It is likely that amphetamines reach the baby through breast milk. The effect this has on the baby will depend on factors such as the amount and strength of amphetamines used and the time between using amphetamines and feeding the baby. Symptoms may include the baby being irritable, unsettled and difficult to feed. Injecting amphetamines also increases the risk of HIV infection and other infections for both the mother and the baby.

It is recommended that women check with their doctor (or other health professional) if they are using or planning to use drugs while pregnant or breastfeeding, including prescribed and over-the counter medicines.

Using more than one drug at a time can have unpredictable and dangerous effects.  Amphetamine users sometimes take other drugs such as tranquillisers, cannabis, alcohol or heroin to cope with some of the undesirable effects of amphetamines and a dependence on several drugs may develop. For example, some people may need amphetamines each day to get them going and tranquillisers each night to get them to sleep. This type of dependence can lead to a variety of very serious physical and psychological problems.

If amphetamines are combined with depressant drugs like alcohol, users may not feel the effects of the depressant drug straight away due to the masking effect that occurs. For example, if amphetamines are used with alcohol, Blood Alcohol Concentration (BAC) still goes up and motor skills such as coordination and reflexes are still impaired.

Combining amphetamines with other stimulants such as ecstasy or cocaine can greatly increase the negative side effects of both drugs.

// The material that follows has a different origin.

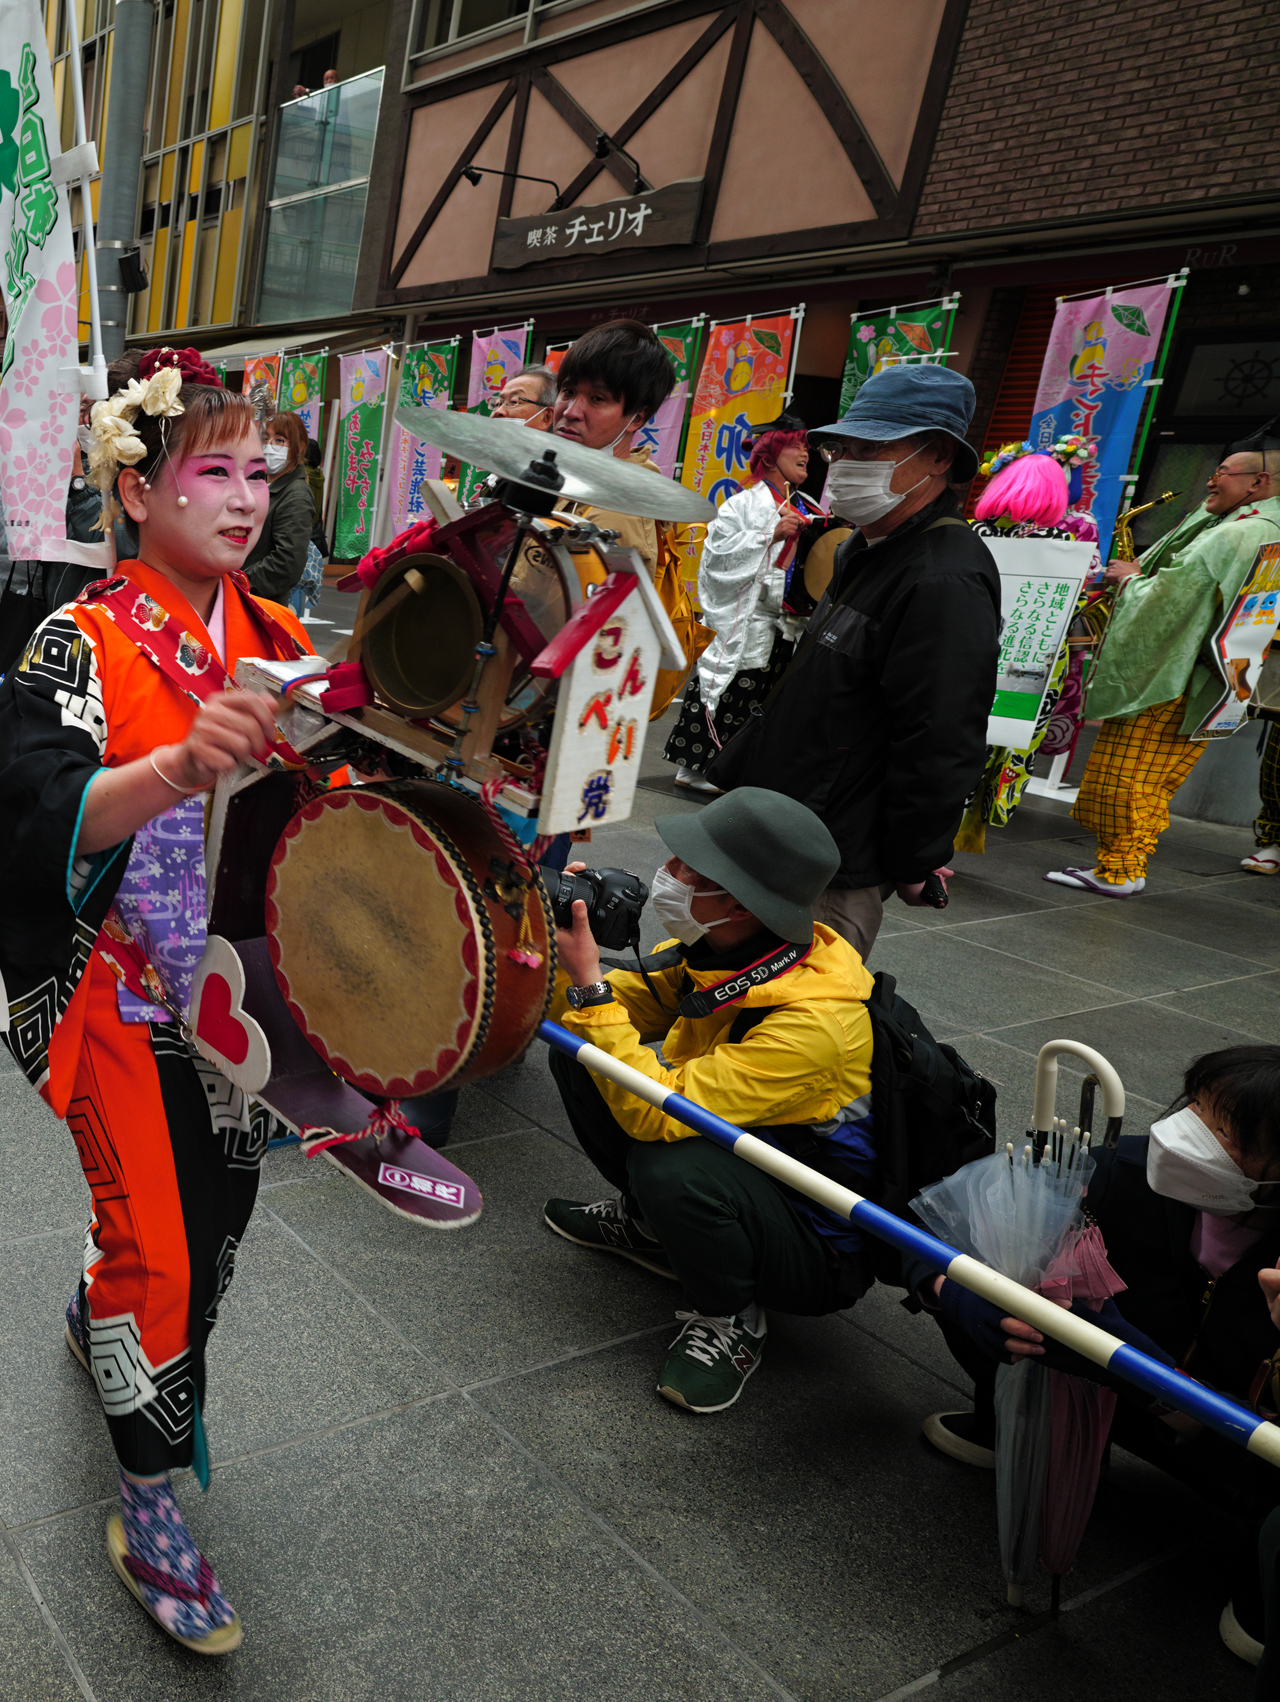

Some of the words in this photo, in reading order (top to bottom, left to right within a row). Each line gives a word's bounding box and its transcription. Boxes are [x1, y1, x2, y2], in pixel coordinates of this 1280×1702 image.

The effects can be greatly exaggerated and unpredictable and may be similar to taking a very large dose of stimulant drugs.

One of the major risks associated with illicitly manufactured drugs is that you won’t know what is in them, or the toxicity of the active substances. As part of the manufacturing process, dangerous by-products can also be formed, of unknown toxicity. Compounds used to manufacture the drug can cause them to be converted to other unknown compounds of unknown toxicity. This can result in accidentally mixing drugs and serious side effects.

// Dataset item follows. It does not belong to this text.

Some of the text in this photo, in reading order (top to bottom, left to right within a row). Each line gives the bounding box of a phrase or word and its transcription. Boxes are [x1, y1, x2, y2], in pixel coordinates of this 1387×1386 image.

Amphetamines and relationship problems

Drug use can lead to social and emotional problems and can affect relationships with family and friends.

When someone close to you is using amphetamines it can be worrying, stressful and emotionally draining. Their use can cause them to behave erratically, and it can be difficult to know how to act around them. They may become aggressive, angry or even violent, or withdrawn and detached. Everyone around them can be affected and this can be hard. They may become focused only on drugs and have no time for friends, or may argue over money, their behaviour or their drug use with friends and family.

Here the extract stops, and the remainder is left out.